__Exercise goal__: Set the data down again, exactly as it reads, but without the pictures.

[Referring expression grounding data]
····················

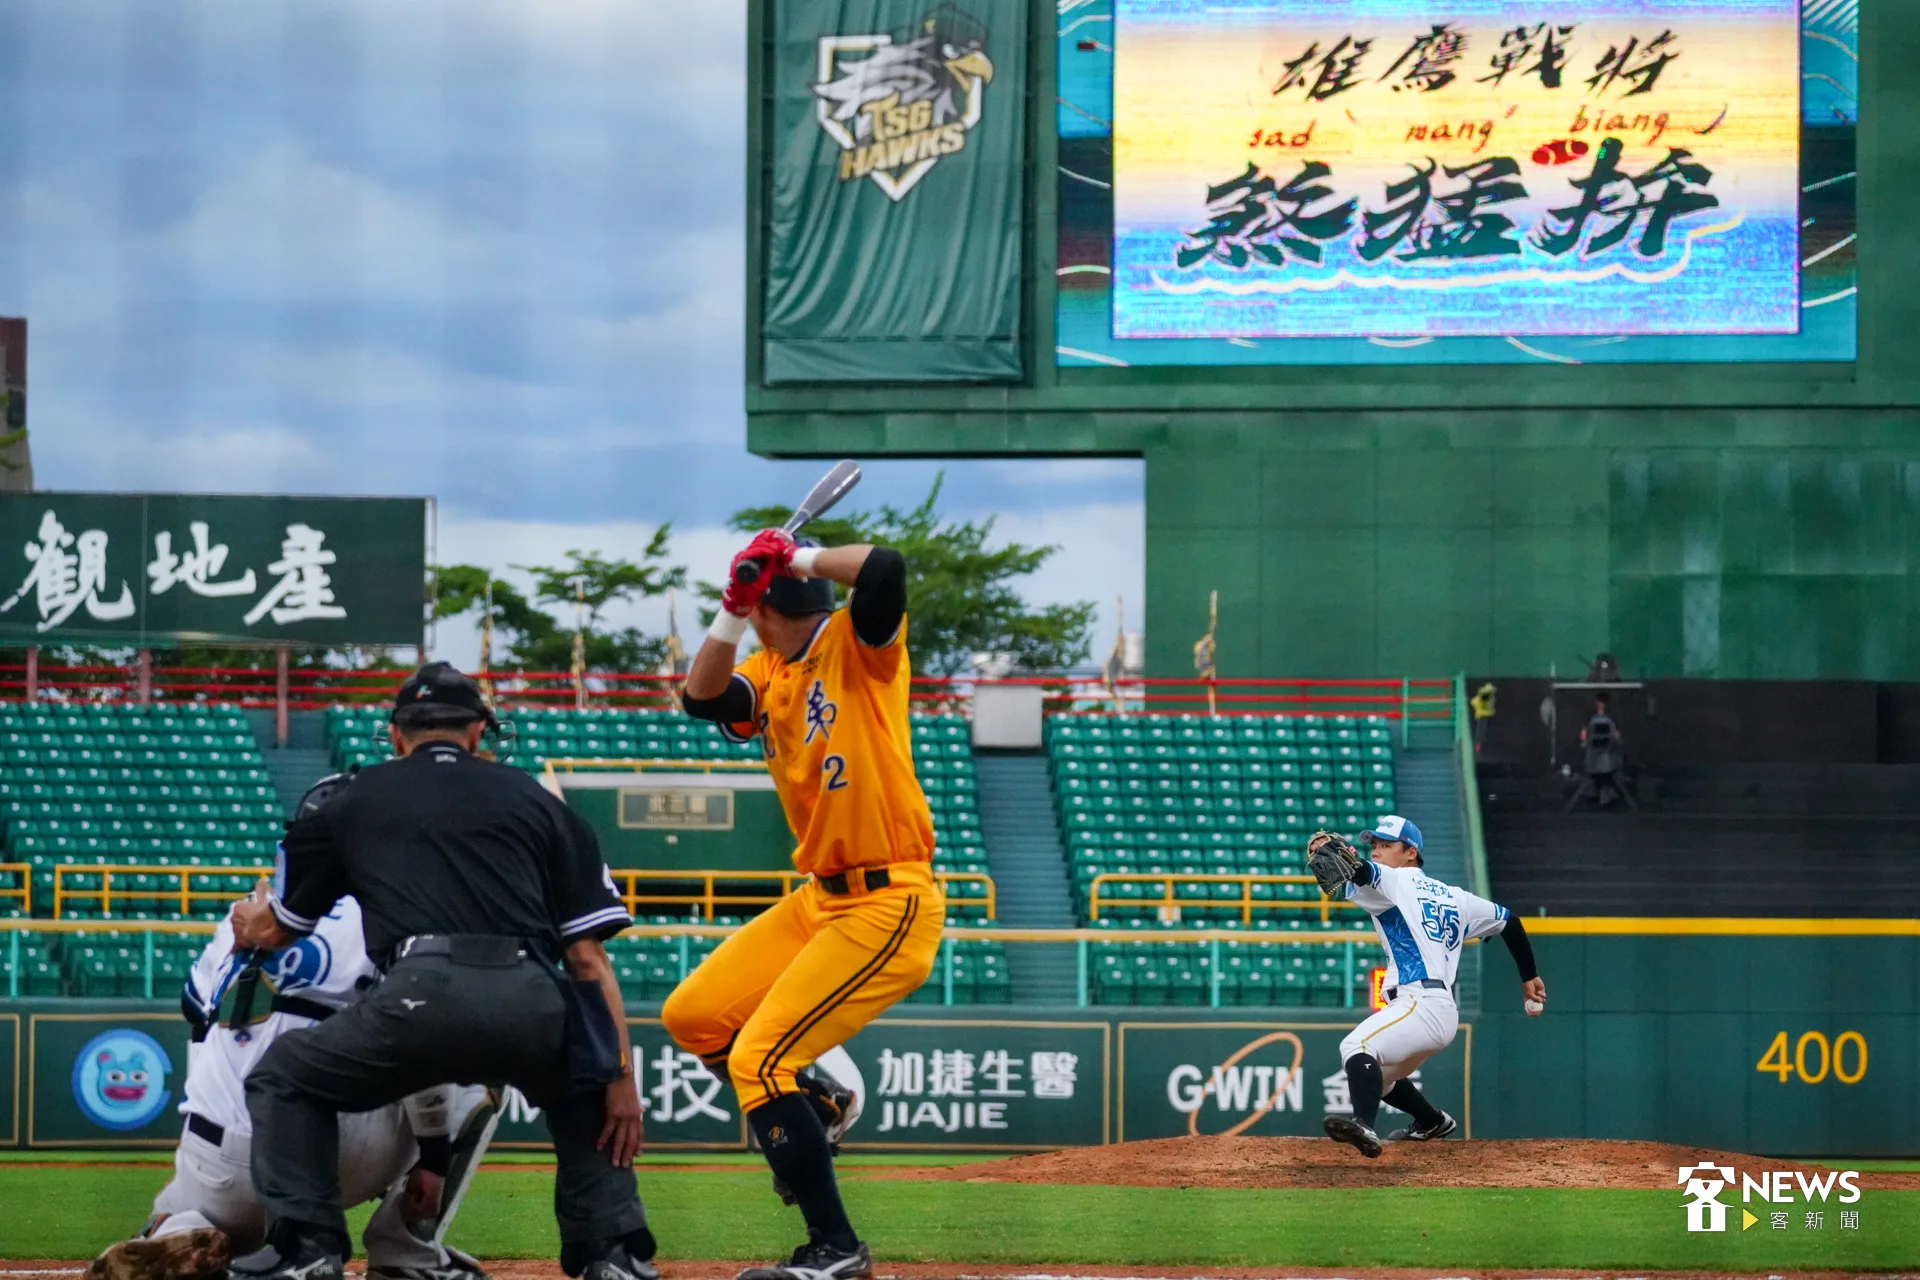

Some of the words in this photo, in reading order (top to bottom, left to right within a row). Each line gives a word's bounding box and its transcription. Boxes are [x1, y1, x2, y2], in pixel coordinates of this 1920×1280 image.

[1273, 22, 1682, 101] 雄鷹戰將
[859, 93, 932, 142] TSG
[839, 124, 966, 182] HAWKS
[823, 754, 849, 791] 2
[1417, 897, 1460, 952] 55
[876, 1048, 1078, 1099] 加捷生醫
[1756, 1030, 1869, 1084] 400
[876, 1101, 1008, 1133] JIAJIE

····················

__Written answer__:
Some of the words in this photo, in reading order (top to bottom, left to right within a row). Each line gives a word's bounding box and its transcription. Boxes are [x1, y1, x2, y2], in pixel coordinates of this 1920×1280 image.

[1273, 22, 1682, 101] 雄鷹戰將
[859, 93, 932, 142] TSG
[839, 124, 966, 182] HAWKS
[823, 754, 849, 791] 2
[1417, 897, 1460, 952] 55
[876, 1048, 1078, 1099] 加捷生醫
[1756, 1030, 1869, 1084] 400
[876, 1101, 1008, 1133] JIAJIE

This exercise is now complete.